Já o presidente do CPqD, instituição focada na inovação das tecnologias da informação, Hélio Marcos Machado Graciosa, acredita ainda que as conversas em torno das smart grids remetem a um novo paradigma. “O sistema agora evolui adicionando a eficiência. Temos que trabalhar sobre essa nova ideia do cliente ativo, do desenvolvimento de tecnologia que possa agregar valor e atender aos requisitos locais”, afirmou.
Representante da Aneel na mesa composta pelos pesquisadores, o superintendente de pesquisa e desenvolvimento e eficiência energética, Máximo Luiz Pompermayer, também levantou questões ainda sem resposta. “Temos dúvidas sobre quais são os melhores mecanismos para fomentar essa migração. Temos muito espaço ainda para pesquisa e desenvolvimento. Ainda temos dúvidas sobre como gerenciar isso”, admitiu.
“Fica todo mundo na dúvida se vai ou não vai, se investe ou não. A ideia do plano nacional para o assunto ajudaria”, completou Graciosa, questionado sobre a sintonia entre ganhos financeiros das concessionárias e a real necessidade de implantação dos novos medidores.

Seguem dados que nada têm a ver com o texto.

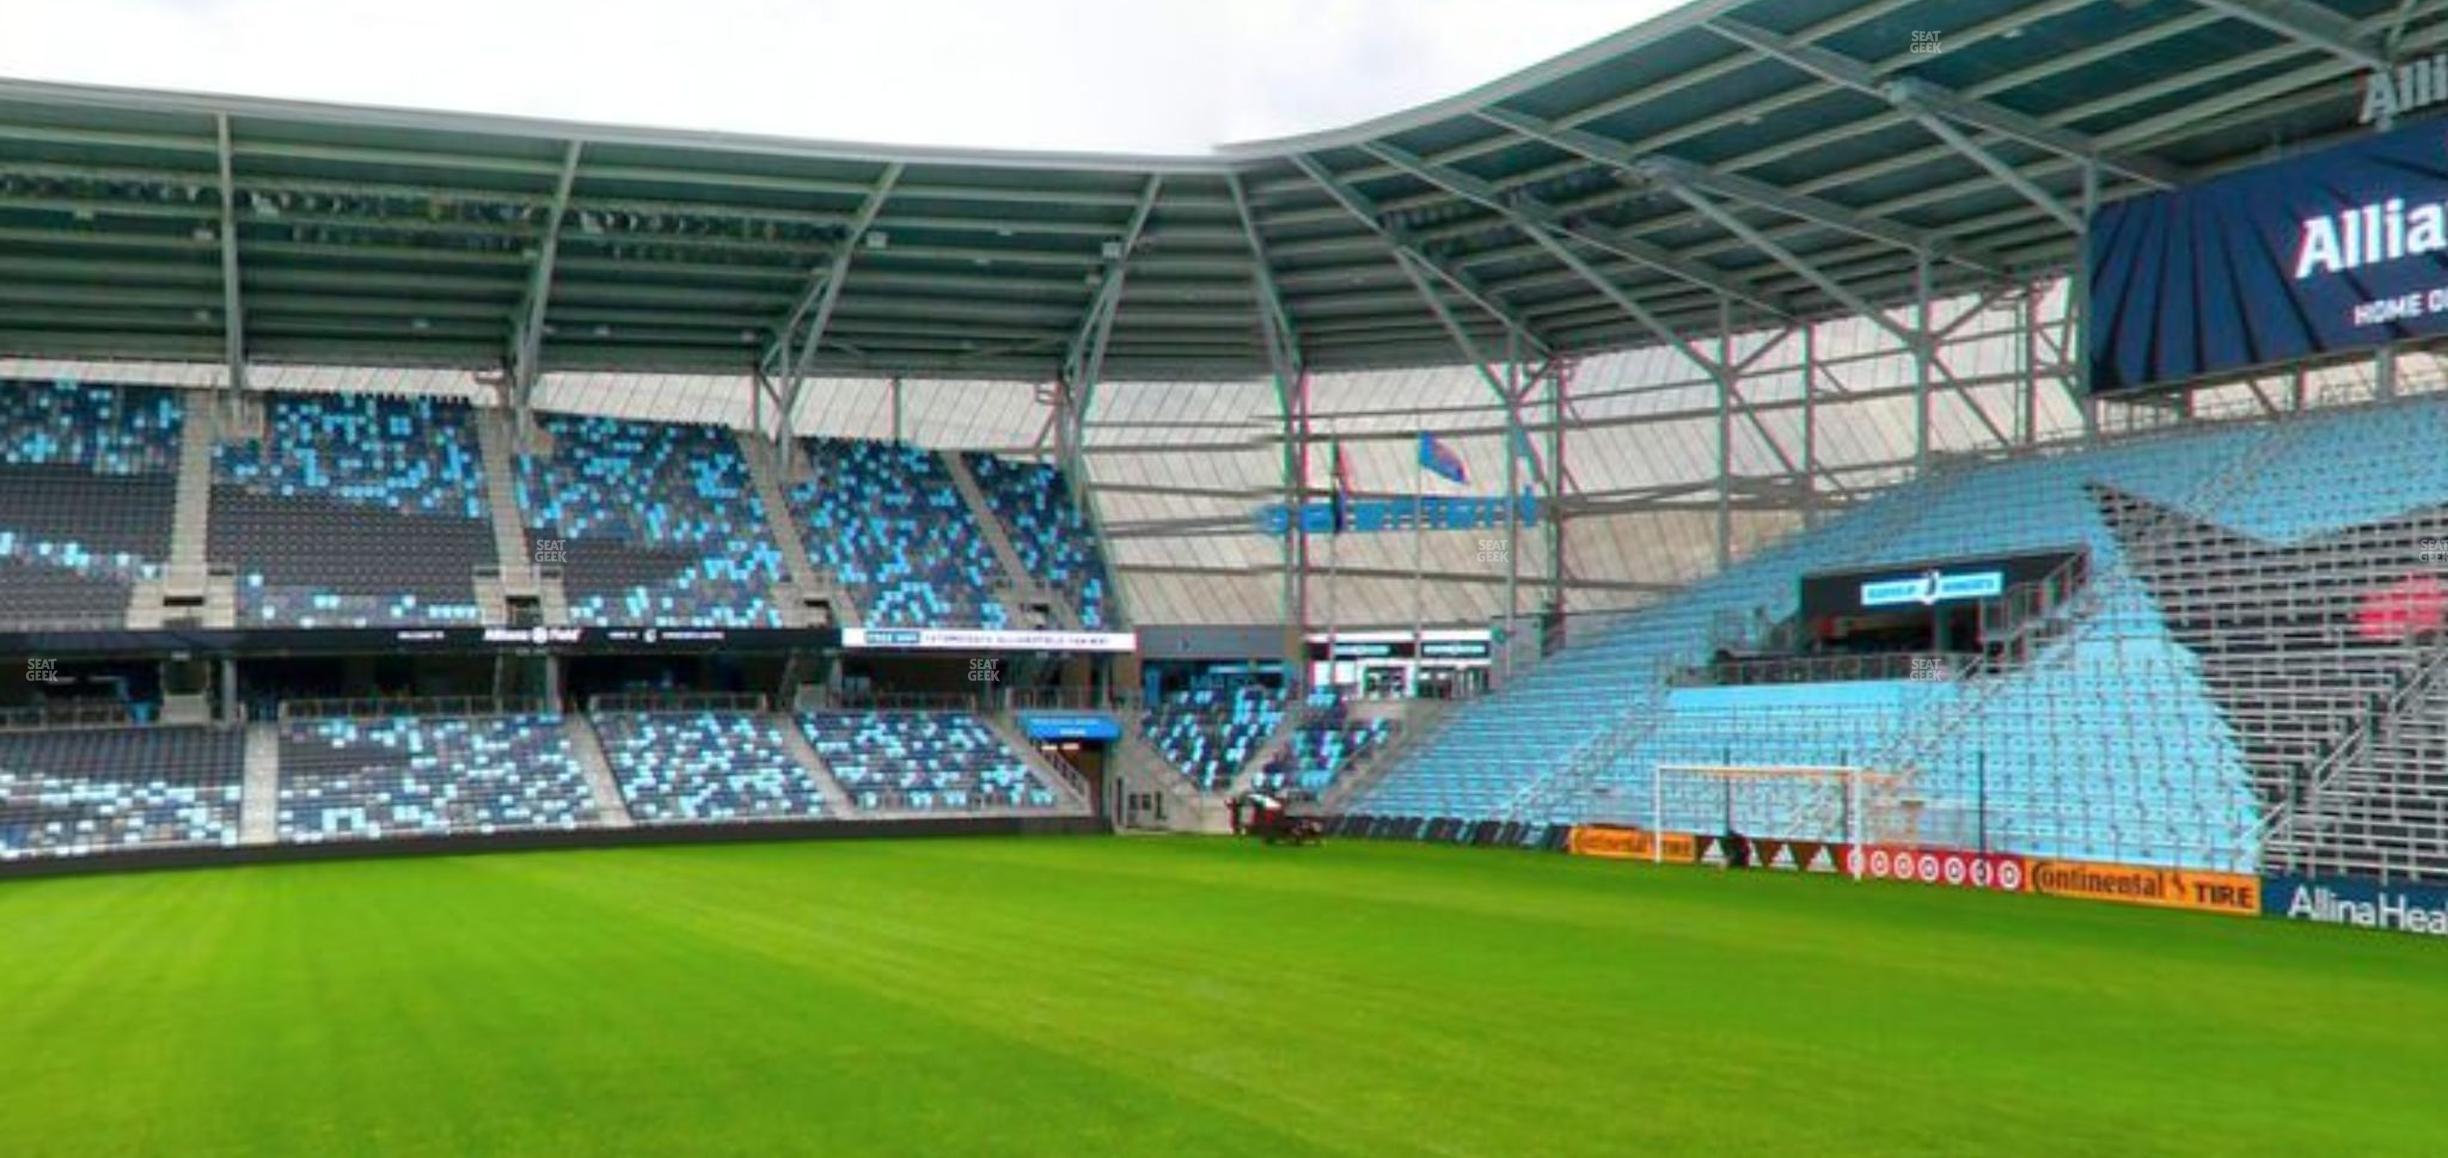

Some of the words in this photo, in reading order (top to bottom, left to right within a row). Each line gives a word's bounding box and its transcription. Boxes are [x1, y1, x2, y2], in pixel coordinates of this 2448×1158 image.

[2295, 198, 2448, 279] Allia
[2353, 293, 2423, 327] HOME
[2032, 861, 2165, 899] Continental
[2194, 881, 2253, 909] TIRE

Início da migração e padronização
A migração dos medidores pode começar em 2011, segundo estimou na semana passada o diretor-geral da Aneel, Nelson Hubner. Mas o superintendente de regulação da distribuição da agência, Paulo Silvestri Lopes, acredita que o início da operação pode demorar um pouco mais. “Talvez em 2012. Acho difícil que comece em menos de 18 meses”, disse durante o evento.
Um dos itens básicos para o início do processo de substituição dos aparelhos é a padronização dos medidores. Segundo Silvestri, fabricantes nacionais já estão se mobilizando na Associação Brasileira da Indústria Elétrica e Eletrônica (Abinee) pela criação de um protocolo brasileiro. O “protocolo”, de acordo com o especialista, é uma exigência da Aneel. Ele deve ser público, ou seja, permitir que o cliente troque de medidor em caso de problema ou insatisfação.

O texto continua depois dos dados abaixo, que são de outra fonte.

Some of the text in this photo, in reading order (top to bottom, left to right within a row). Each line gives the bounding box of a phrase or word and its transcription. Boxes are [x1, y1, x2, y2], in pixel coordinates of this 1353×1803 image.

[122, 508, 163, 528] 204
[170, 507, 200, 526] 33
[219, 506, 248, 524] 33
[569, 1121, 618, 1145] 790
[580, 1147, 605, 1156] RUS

Entretanto, para o presidente do Fórum, Cyro Vicente Boccuzzi, a padronização brasileira tem uma ressalva. “É importante que os fabricantes nacionais estejam se mexendo, mas também não se pode fechar para os outros países. Imagine um celular que só faça ligação para o Brasil. Não adianta. Tem de ser algo que se relacione como um todo”, sustentou o especialista, citando a interoperabilidade, palavra que representa exatamente essa capacidade de comunicação entre os sistemas – que, apesar de ter difícil pronúncia, foi talvez a mais ouvida nas reflexões feitas no encontro.